This is a photo I took many yeas ago of St Piran's Oratory near Perranporth Cornwall. Alas it is now under the sand. Maintenance became so costly that Cornwall County Council decided to bury the remains of the ancient little Church. A large granite plaque marks the spot where the Oratory is buried.
The small oratory dedicated to St. Piran (circa 450AD) was abandoned because of encroaching sand in the 10th century.
A new church was built nearby to replace the oratory as the church of the local people. The replacement church had a stream protecting it from the sands, which did its job, until tin mining caused the stream to dry up, and allow the sands to engulf this building in 1804.
It grew from a small church to a collegiate church by the 12th century. By 14th century hundreds of pilgrims visited the church on their way to Compostella in Spain. This was probably due to the head of St Piran being kept in a silver casket in the church.

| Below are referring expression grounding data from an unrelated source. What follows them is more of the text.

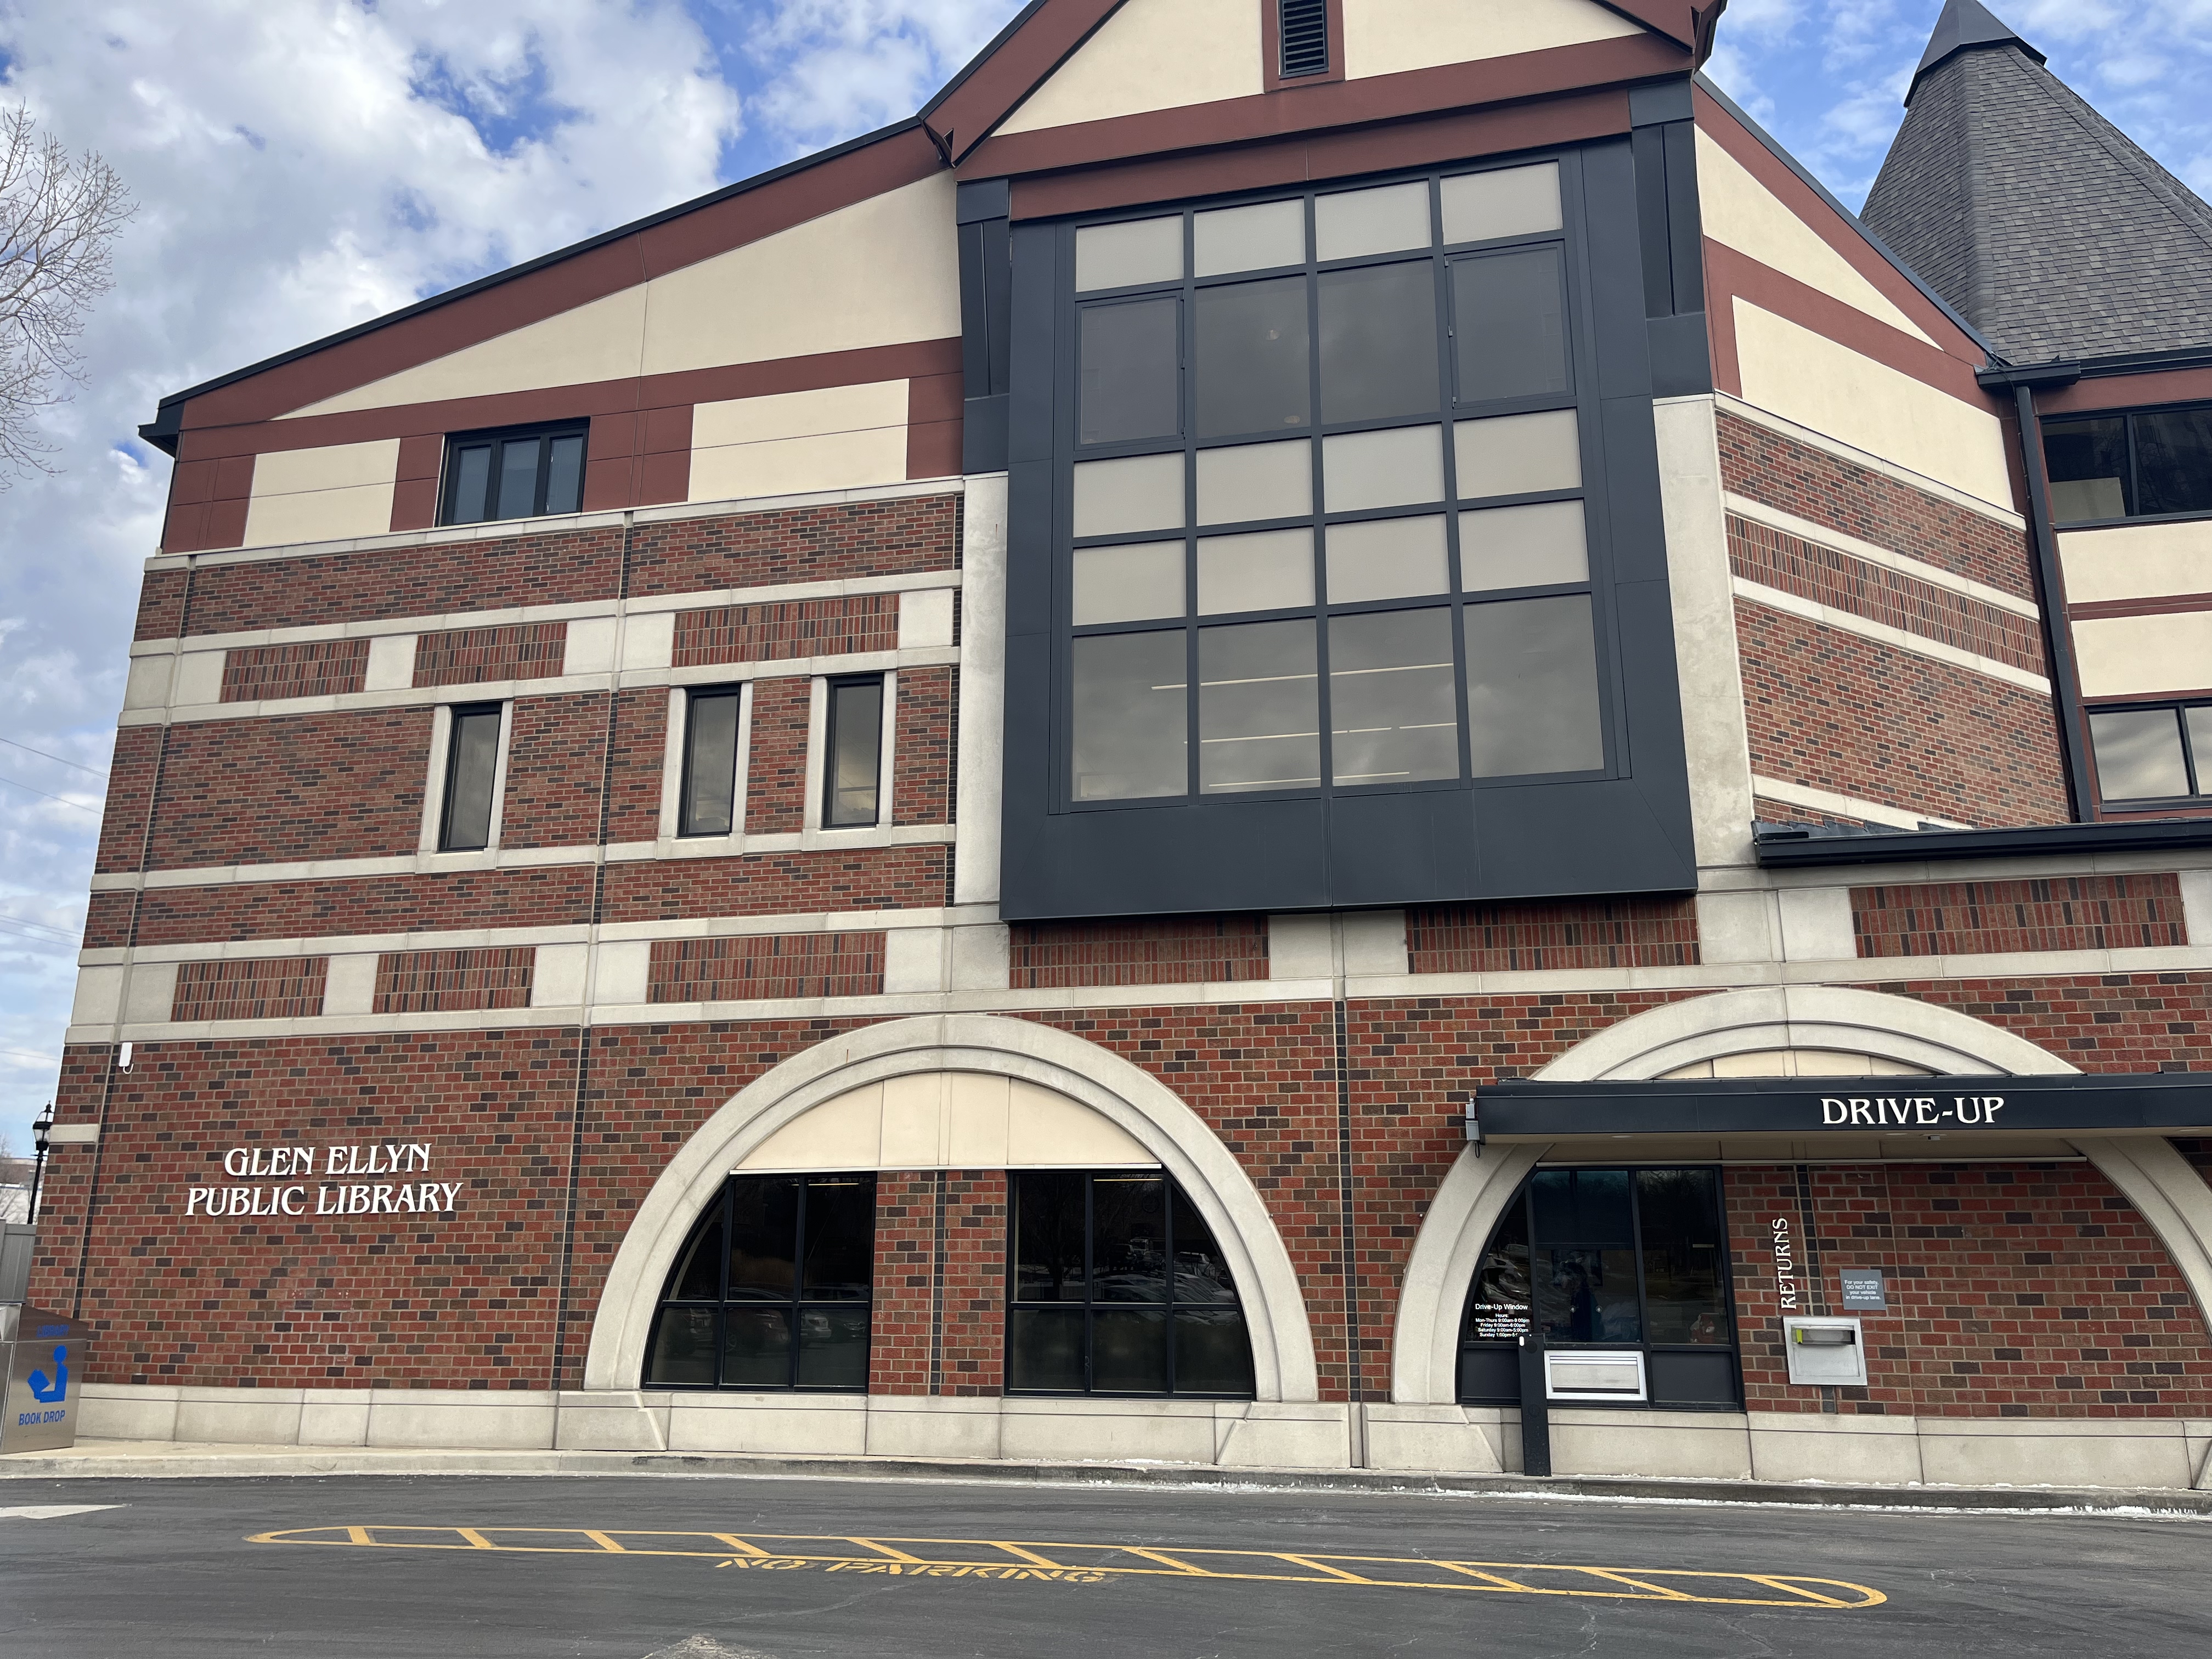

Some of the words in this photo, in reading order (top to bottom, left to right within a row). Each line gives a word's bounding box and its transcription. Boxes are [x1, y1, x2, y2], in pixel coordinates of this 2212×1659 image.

[1820, 1097, 2004, 1124] DRIVE-UP
[224, 1147, 316, 1176] GLEN
[325, 1143, 432, 1175] ELLYN
[185, 1186, 305, 1216] PUBLIC
[315, 1182, 464, 1215] LIBRARY
[1773, 1217, 1797, 1310] RETURNS
[36, 1324, 70, 1338] LIBRARY
[19, 1411, 42, 1426] BOOK
[43, 1409, 65, 1424] DROP
[715, 1558, 808, 1570] NO
[825, 1561, 1107, 1582] PARKING

It grew from a small church to a collegiate church by the 12th century. By 14th century hundreds of pilgrims visited the church on their way to Compostella in Spain. This was probably due to the head of St Piran being kept in a silver casket in the church.

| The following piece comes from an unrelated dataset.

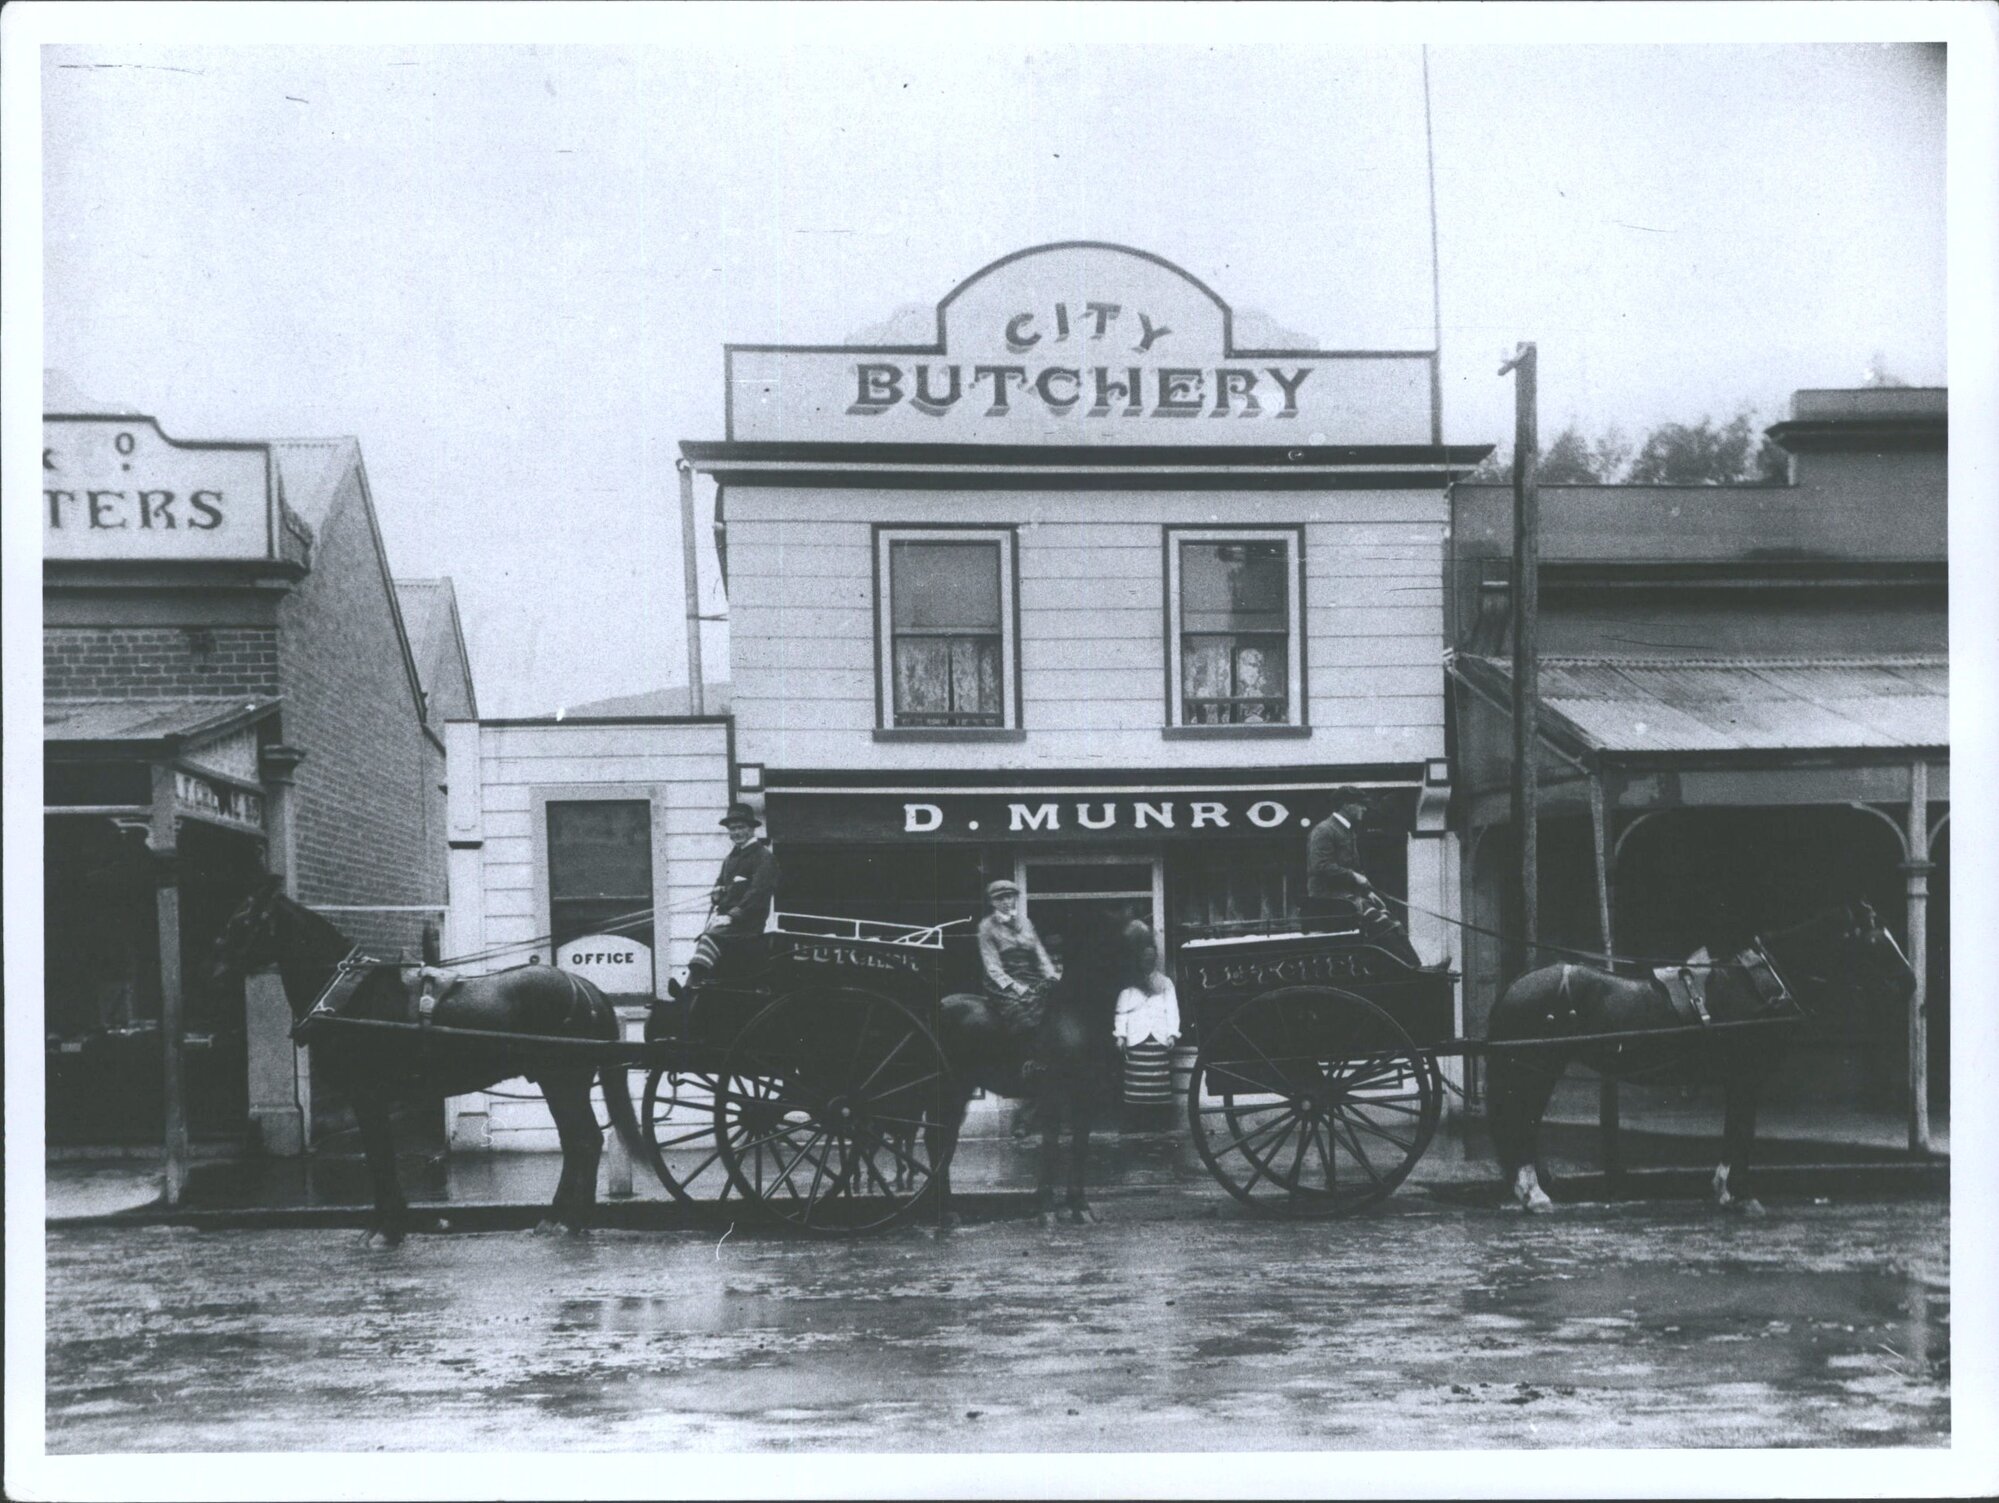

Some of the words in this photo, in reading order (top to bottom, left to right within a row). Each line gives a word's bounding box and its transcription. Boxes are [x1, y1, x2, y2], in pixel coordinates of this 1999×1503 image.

[1005, 302, 1172, 353] CITY
[846, 363, 1313, 417] BUTCHERY
[1008, 801, 1311, 830] MUNRO.
[572, 952, 634, 965] OFFICE

The photo above the one of the Oratory is of the recently excavated site of the Church that replaced the oratory. This was done in 2005 by the St Piran Trust.
The dig involved moving around 250 tons of sand from the interior of the church, and related works to the outside. Turf was removed at the chancel end of the church and build up of earth and grass removed from the walls.
The Celtic Church of which St Piran was a typical example lived close to Nature. Nature was also a source of God's revelation.
To-day we tend to speak of nature as if it were the preserve of either the environmentalists or the romantic. It is almost as if Nature was an extension of our living room to be regulated, monitored and serviced at regular intervals. Either that or she is mentioned in soft tones verging on the sentimental and nostalgic.
Both of these attitudes, the conservationist and the sentimental run the danger of depriving the natural world of its own power and vigour…ultimately of God.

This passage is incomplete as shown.